====== Exercise inputs ======
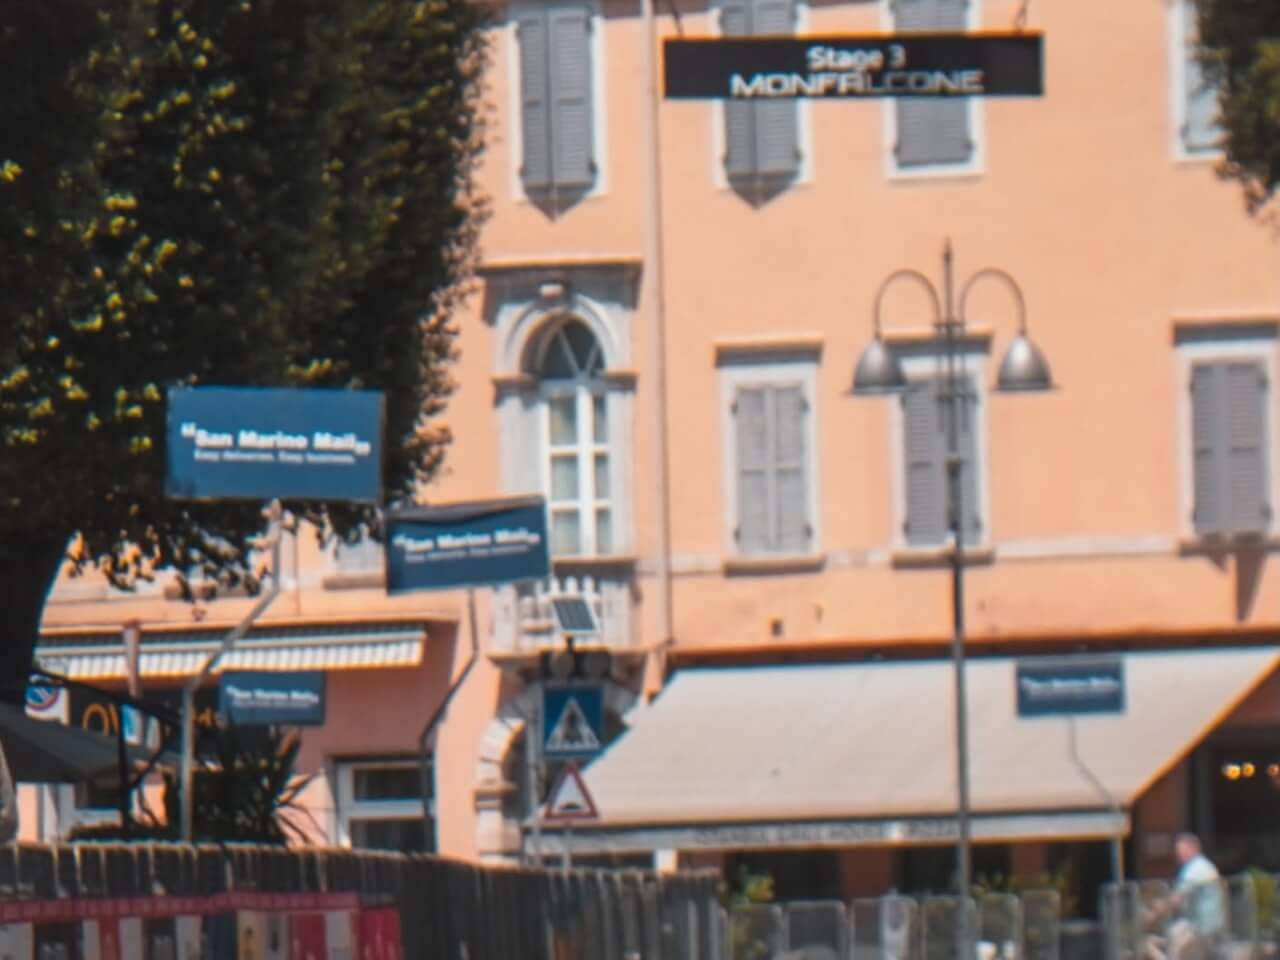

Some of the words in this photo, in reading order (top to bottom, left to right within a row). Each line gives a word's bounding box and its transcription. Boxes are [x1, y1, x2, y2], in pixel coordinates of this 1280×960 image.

[806, 45, 883, 72] Stage
[888, 45, 906, 67] 3
[729, 71, 984, 96] MONFALCONE
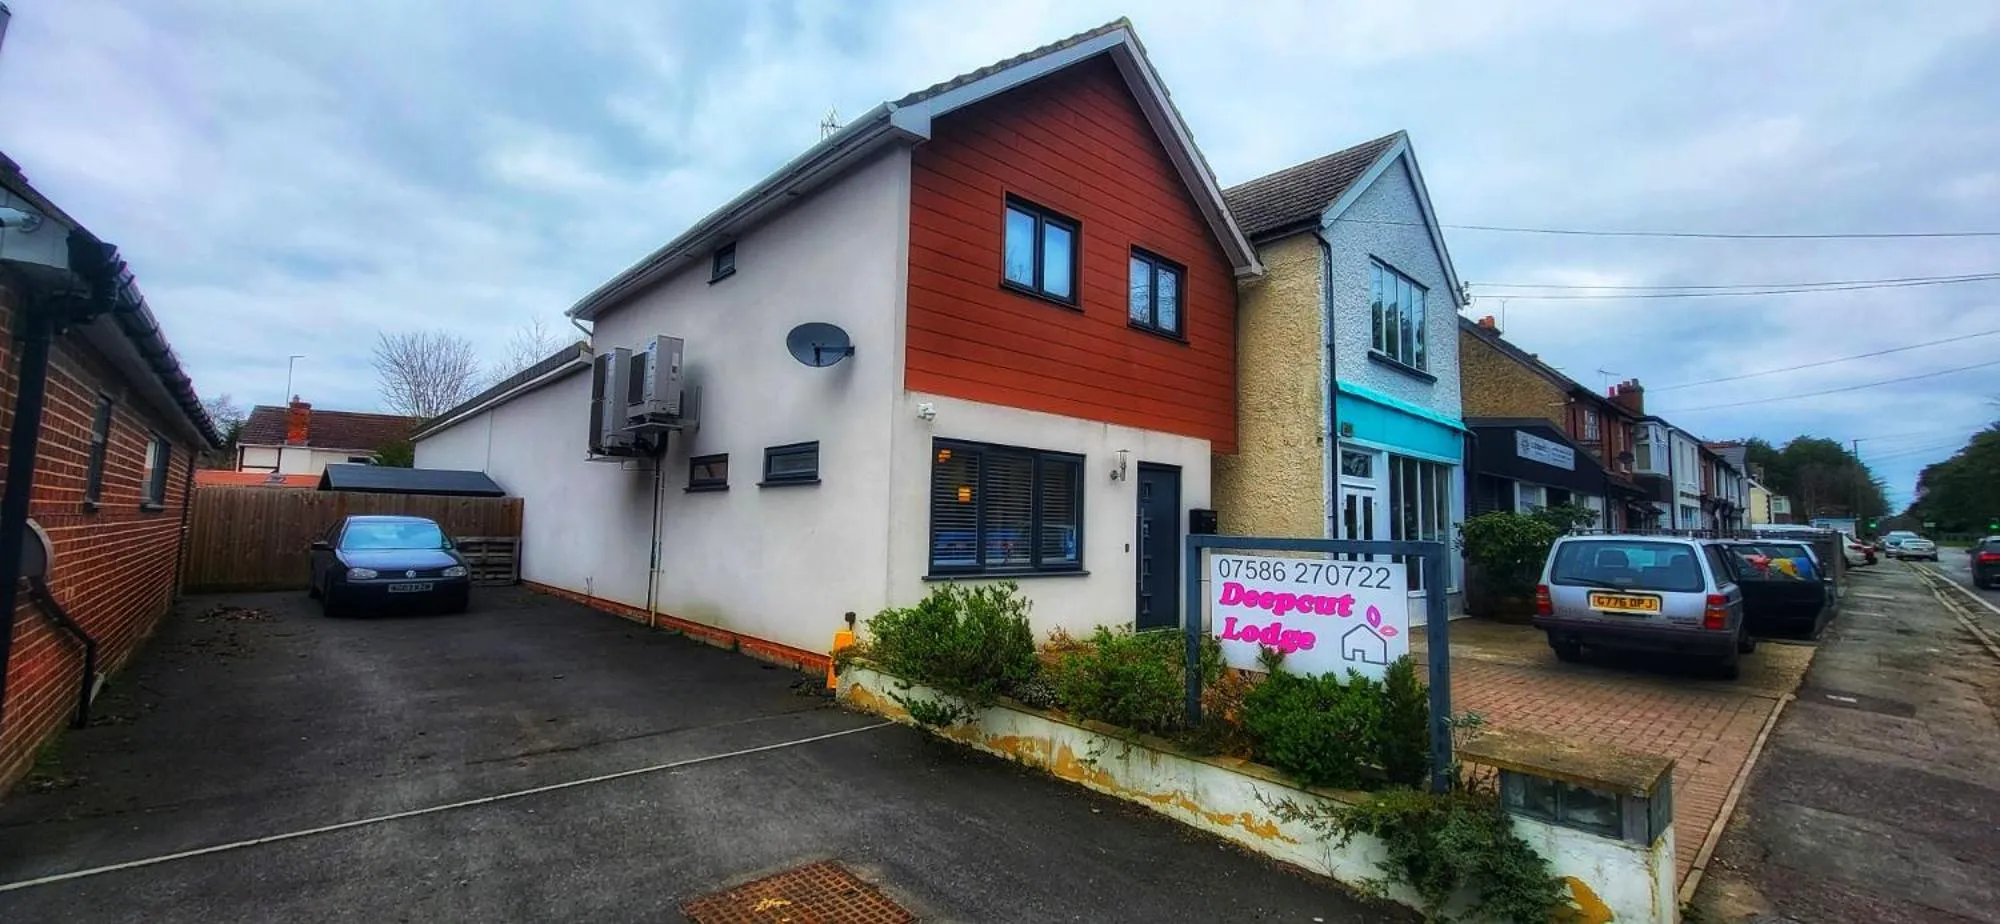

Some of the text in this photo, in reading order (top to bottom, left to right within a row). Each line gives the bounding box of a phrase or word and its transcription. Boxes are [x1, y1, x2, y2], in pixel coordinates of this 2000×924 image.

[1219, 558, 1391, 589] 07586 270722
[1219, 581, 1356, 617] Deepcut
[1222, 616, 1316, 654] Lodge
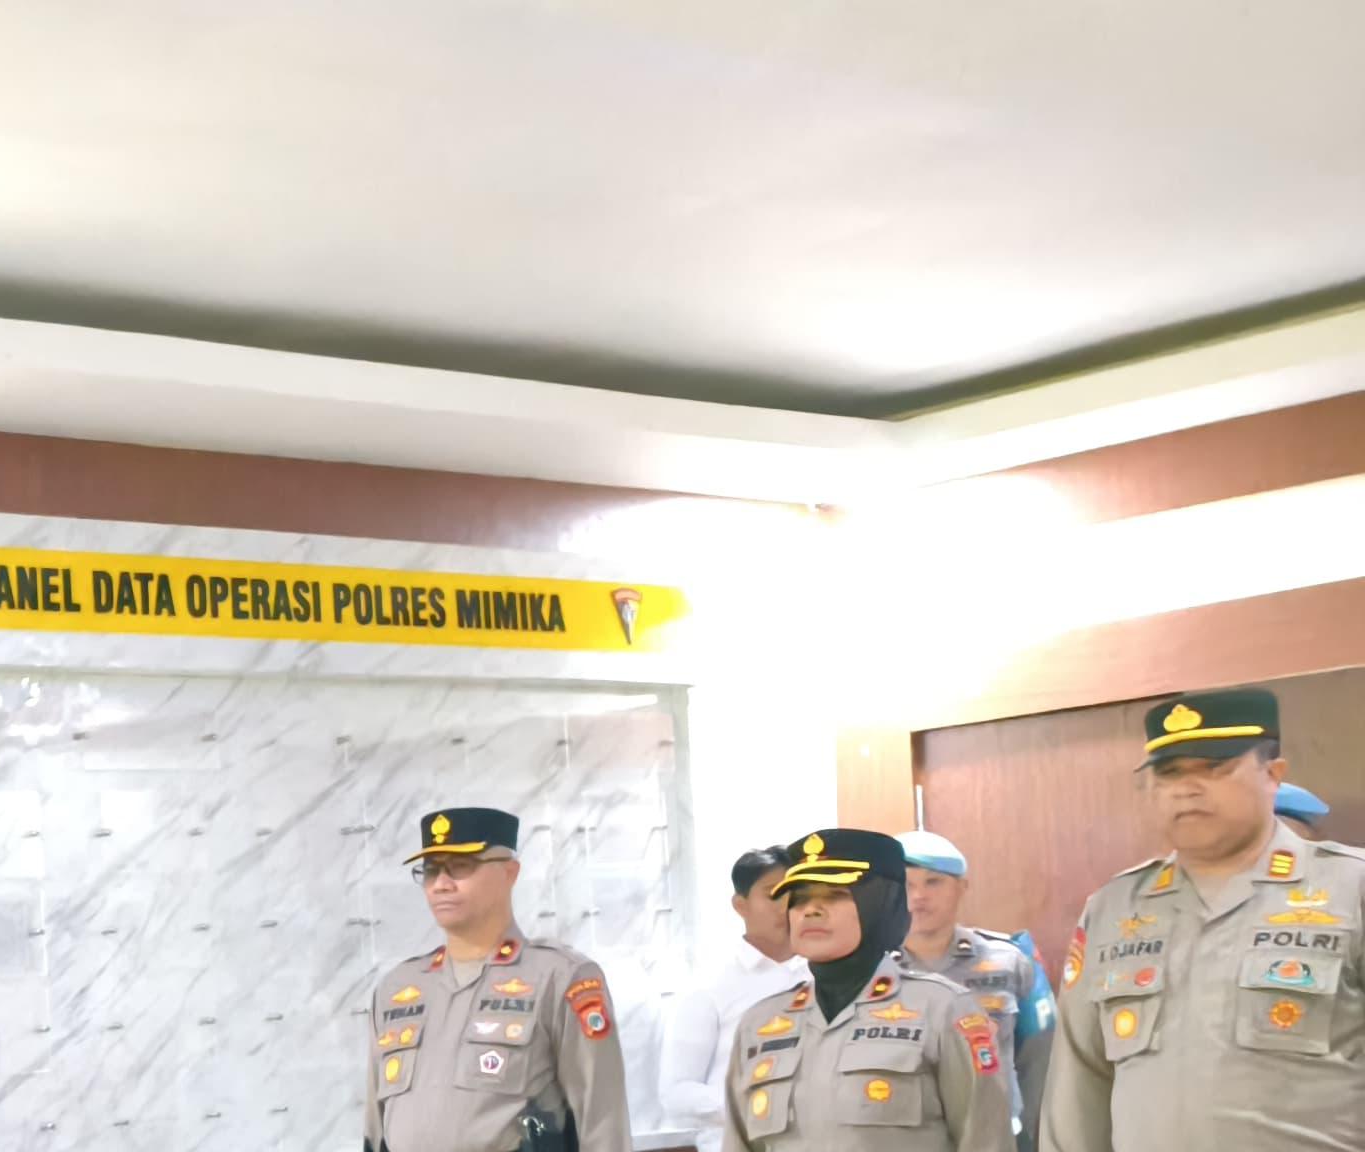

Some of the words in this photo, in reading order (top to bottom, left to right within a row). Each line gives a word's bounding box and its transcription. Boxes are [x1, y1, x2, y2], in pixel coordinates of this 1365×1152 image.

[91, 570, 177, 617] DATA
[185, 574, 323, 624] OPERASI
[332, 582, 447, 629] POLRES
[455, 589, 567, 633] MIMIKA
[1252, 931, 1340, 952] POLRI
[852, 1026, 924, 1042] POLRI
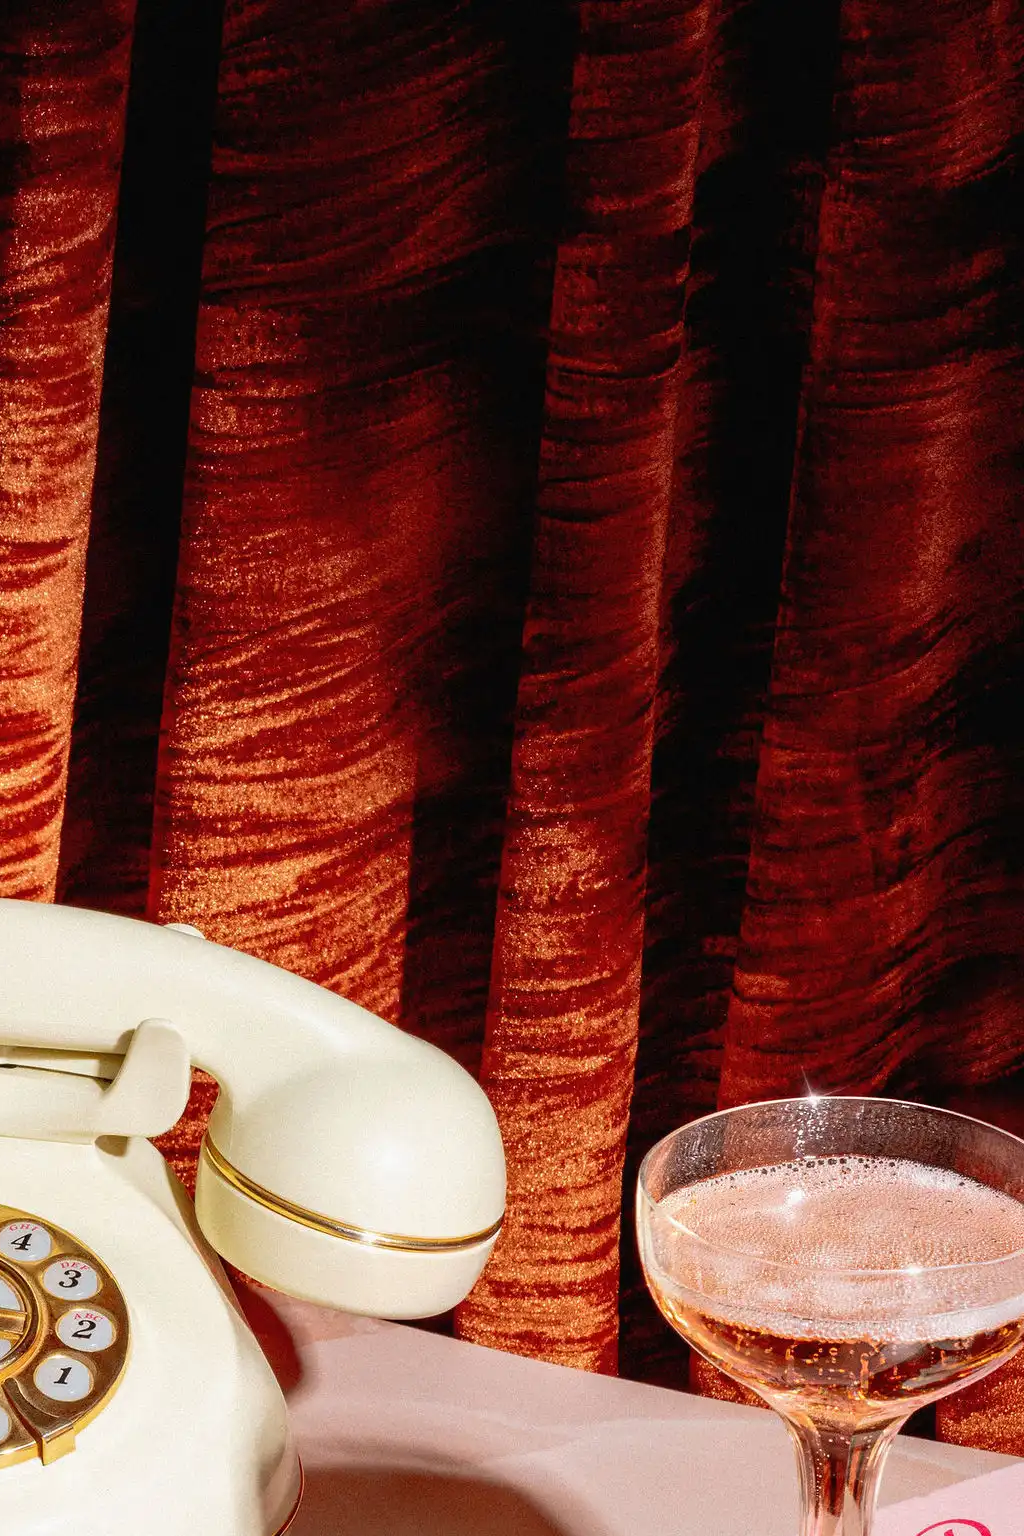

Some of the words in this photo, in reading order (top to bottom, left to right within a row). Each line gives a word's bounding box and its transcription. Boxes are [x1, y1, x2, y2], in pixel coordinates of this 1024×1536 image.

[9, 1223, 39, 1232] GHI
[10, 1233, 33, 1251] 4
[61, 1262, 90, 1271] DEF
[58, 1269, 82, 1288] 3
[73, 1313, 103, 1323] ABC
[71, 1319, 97, 1339] 2
[53, 1366, 72, 1385] 1
======
(Your goal):
Copy out the material above in full and exactly, but with no pictures.

(Your response):
Some of the words in this photo, in reading order (top to bottom, left to right within a row). Each line gives a word's bounding box and its transcription. Boxes are [x1, y1, x2, y2], in pixel coordinates of this 1280×960 image.

[806, 45, 883, 72] Stage
[888, 45, 906, 67] 3
[729, 71, 984, 96] MONFALCONE

Some of the text in this photo, in reading order (top to bottom, left to right within a row). Each line gives the bounding box of a phrase or word and its transcription. Boxes are [x1, y1, x2, y2], in pixel coordinates of this 2000×924 image.

[1219, 558, 1391, 589] 07586 270722
[1219, 581, 1356, 617] Deepcut
[1222, 616, 1316, 654] Lodge

Some of the words in this photo, in reading order (top to bottom, left to right within a row). Each line gives a word's bounding box and its transcription. Boxes are [x1, y1, x2, y2], in pixel coordinates of this 1365×1152 image.

[91, 570, 177, 617] DATA
[185, 574, 323, 624] OPERASI
[332, 582, 447, 629] POLRES
[455, 589, 567, 633] MIMIKA
[1252, 931, 1340, 952] POLRI
[852, 1026, 924, 1042] POLRI

Some of the words in this photo, in reading order (top to bottom, left to right within a row). Each line gives a word's bounding box and its transcription. Boxes are [x1, y1, x2, y2], in pixel coordinates of this 1024×1536 image.

[9, 1223, 39, 1232] GHI
[10, 1233, 33, 1251] 4
[61, 1262, 90, 1271] DEF
[58, 1269, 82, 1288] 3
[73, 1313, 103, 1323] ABC
[71, 1319, 97, 1339] 2
[53, 1366, 72, 1385] 1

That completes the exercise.